CMake: Add a hardening-check target.

On Windows, add a hardening-check target which checks for DYNAMICBASE
and NXCOMPAT using the PowerShell script Get-HardenFlags.ps1.
For a Visual Studio solution, run the check by calling:

    msbuild /m /p:Configuration=RelWithDebInfo hardening-check.vcxproj

using the config as appropriate for your build.

Otherwise if we find the Debian/Fedora hardening-check script add a
target which runs it for each of our executables.
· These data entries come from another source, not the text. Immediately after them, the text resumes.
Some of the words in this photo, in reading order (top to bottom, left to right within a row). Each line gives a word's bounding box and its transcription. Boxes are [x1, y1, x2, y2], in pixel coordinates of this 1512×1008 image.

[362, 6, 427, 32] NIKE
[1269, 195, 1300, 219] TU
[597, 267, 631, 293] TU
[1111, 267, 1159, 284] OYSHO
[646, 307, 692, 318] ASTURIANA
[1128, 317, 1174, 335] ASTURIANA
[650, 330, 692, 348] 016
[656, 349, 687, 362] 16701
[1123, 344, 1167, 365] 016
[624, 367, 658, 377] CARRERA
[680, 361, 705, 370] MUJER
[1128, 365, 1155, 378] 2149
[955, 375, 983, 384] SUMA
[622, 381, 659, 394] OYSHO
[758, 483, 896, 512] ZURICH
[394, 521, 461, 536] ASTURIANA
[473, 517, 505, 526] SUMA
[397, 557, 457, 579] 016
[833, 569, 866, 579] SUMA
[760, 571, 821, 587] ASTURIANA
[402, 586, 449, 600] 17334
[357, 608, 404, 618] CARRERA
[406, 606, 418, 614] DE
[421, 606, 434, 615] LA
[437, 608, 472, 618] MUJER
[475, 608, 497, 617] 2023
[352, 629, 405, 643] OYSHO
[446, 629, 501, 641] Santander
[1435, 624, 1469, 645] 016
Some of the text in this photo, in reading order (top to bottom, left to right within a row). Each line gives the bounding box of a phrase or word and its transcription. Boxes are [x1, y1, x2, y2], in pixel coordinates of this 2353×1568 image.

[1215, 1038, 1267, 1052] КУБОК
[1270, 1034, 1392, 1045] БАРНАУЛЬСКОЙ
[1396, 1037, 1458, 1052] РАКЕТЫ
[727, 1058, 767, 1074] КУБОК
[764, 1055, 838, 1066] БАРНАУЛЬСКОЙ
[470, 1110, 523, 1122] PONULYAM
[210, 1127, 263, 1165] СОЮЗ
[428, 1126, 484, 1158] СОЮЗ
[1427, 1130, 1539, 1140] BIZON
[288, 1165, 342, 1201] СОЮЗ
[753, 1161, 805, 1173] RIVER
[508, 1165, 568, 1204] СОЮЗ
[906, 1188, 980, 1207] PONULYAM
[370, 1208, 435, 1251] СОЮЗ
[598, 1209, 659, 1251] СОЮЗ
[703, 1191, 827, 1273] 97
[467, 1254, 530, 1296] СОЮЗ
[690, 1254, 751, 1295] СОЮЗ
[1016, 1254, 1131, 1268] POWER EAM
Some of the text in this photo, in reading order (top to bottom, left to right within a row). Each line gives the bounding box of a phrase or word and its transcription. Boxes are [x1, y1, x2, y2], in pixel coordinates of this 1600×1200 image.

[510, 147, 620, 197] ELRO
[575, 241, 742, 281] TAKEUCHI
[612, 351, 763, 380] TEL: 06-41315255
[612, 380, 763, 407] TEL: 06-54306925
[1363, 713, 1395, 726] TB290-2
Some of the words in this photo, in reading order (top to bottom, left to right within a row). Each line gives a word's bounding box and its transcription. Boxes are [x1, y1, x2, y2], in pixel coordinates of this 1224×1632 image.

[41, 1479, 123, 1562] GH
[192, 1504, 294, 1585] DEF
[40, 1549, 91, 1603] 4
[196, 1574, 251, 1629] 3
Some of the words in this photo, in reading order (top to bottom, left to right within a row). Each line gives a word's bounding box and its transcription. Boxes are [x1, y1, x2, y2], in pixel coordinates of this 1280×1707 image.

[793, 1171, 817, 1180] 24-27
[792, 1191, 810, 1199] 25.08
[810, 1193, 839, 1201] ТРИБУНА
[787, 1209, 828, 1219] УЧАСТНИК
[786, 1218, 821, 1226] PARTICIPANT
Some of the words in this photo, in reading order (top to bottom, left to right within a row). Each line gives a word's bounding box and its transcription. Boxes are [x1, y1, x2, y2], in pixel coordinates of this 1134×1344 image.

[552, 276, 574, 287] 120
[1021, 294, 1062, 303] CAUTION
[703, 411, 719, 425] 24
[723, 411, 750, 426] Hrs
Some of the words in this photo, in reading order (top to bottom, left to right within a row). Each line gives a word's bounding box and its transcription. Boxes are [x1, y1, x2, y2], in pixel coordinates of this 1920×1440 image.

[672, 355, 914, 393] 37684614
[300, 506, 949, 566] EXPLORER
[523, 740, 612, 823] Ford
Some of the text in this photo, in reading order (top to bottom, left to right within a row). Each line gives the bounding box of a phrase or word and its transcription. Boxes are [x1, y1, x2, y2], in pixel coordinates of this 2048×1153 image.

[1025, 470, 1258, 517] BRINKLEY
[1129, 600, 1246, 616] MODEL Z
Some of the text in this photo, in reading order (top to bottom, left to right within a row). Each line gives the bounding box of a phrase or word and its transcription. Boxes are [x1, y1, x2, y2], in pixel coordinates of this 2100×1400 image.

Change-Id: I62263e81d155c66e8c8edc751ffab535bf9f3b96
Reviewed-on: https://code.wireshark.org/review/10641
Reviewed-by: Gerald Combs <gerald@wireshark.org>

1 files changed, 84 insertions, 0 deletions

diff --git a/tools/Get-HardenFlags.ps1 b/tools/Get-HardenFlags.ps1
new file mode 100644
index 0000000000..3e2ea3f3b4
--- /dev/null
+++ b/tools/Get-HardenFlags.ps1
@@ -0,0 +1,84 @@
+#
+# Get-HardenFlags - Checks hardening flags on the binaries.
+#
+# Copyright 2015 Graham Bloice <graham.bloice@trihedral.com>
+#
+# Wireshark - Network traffic analyzer
+# By Gerald Combs <gerald@wireshark.org>
+# Copyright 1998 Gerald Combs
+#
+# This program is free software; you can redistribute it and/or
+# modify it under the terms of the GNU General Public License
+# as published by the Free Software Foundation; either version 2
+# of the License, or (at your option) any later version.
+#
+# This program is distributed in the hope that it will be useful,
+# but WITHOUT ANY WARRANTY; without even the implied warranty of
+# MERCHANTABILITY or FITNESS FOR A PARTICULAR PURPOSE.  See the
+# GNU General Public License for more details.
+#
+# You should have received a copy of the GNU General Public License
+# along with this program; if not, write to the Free Software
+# Foundation, Inc., 51 Franklin Street, Fifth Floor, Boston, MA 02110-1301 USA.
+
+#requires -version 2
+
+# Get-HardenFlags does:
+#   call the dumpbin utility to get the binary header flags
+#   on all the binaries in the distribution, and then filters
+#   for the NXCOMPAT and DYNAMICBASE flags.
+
+<#
+.SYNOPSIS
+Checks the NXCOMPAT and DYNAMICBASE flags on all the binaries.
+
+.DESCRIPTION
+This script downloads and extracts third-party libraries required to compile
+Wireshark.
+
+.PARAMETER BinaryDir
+Specifies the directory where the binaries may be found.
+
+.INPUTS
+-BinaryDir Directory containing the binaries to be checked.
+
+.OUTPUTS
+Any binary that doesn't have the flags is written to the error stream
+
+.EXAMPLE
+C:\PS> .\tools\Get-HardenFlags.ps1 -BinaryDir run\RelWithDebInfo
+#>
+
+Param(
+    [Parameter(Mandatory=$true, Position=0)]
+    [String]
+    $BinaryDir
+)
+
+# CD into the bindir, allows Resolve-Path to work in relative mode.
+Push-Location $BinDir
+
+# Retrieve the list of binaries.  -Filter is quicker than -Include, but can only handle one item
+$Binaries = Get-ChildItem -Path $BinaryDir -Recurse -Include *.exe,*.dll
+
+# Number of "soft" binaries found
+$Count = 0;
+
+# Iterate over the list
+$Binaries | ForEach-Object {
+
+    # Get the flags
+    $flags = dumpbin $_ /HEADERS;
+
+    # Check for the required flags
+    $match = $flags | Select-String -Pattern "NX compatible", "Dynamic base"
+    if ($match.Count -ne 2) {
+
+        # Write-Error outputs error records, we simply want the filename
+        [Console]::Error.WriteLine((Resolve-Path $_ -Relative))
+
+        $Count++
+    }
+}
+
+exit $Count
\ No newline at end of file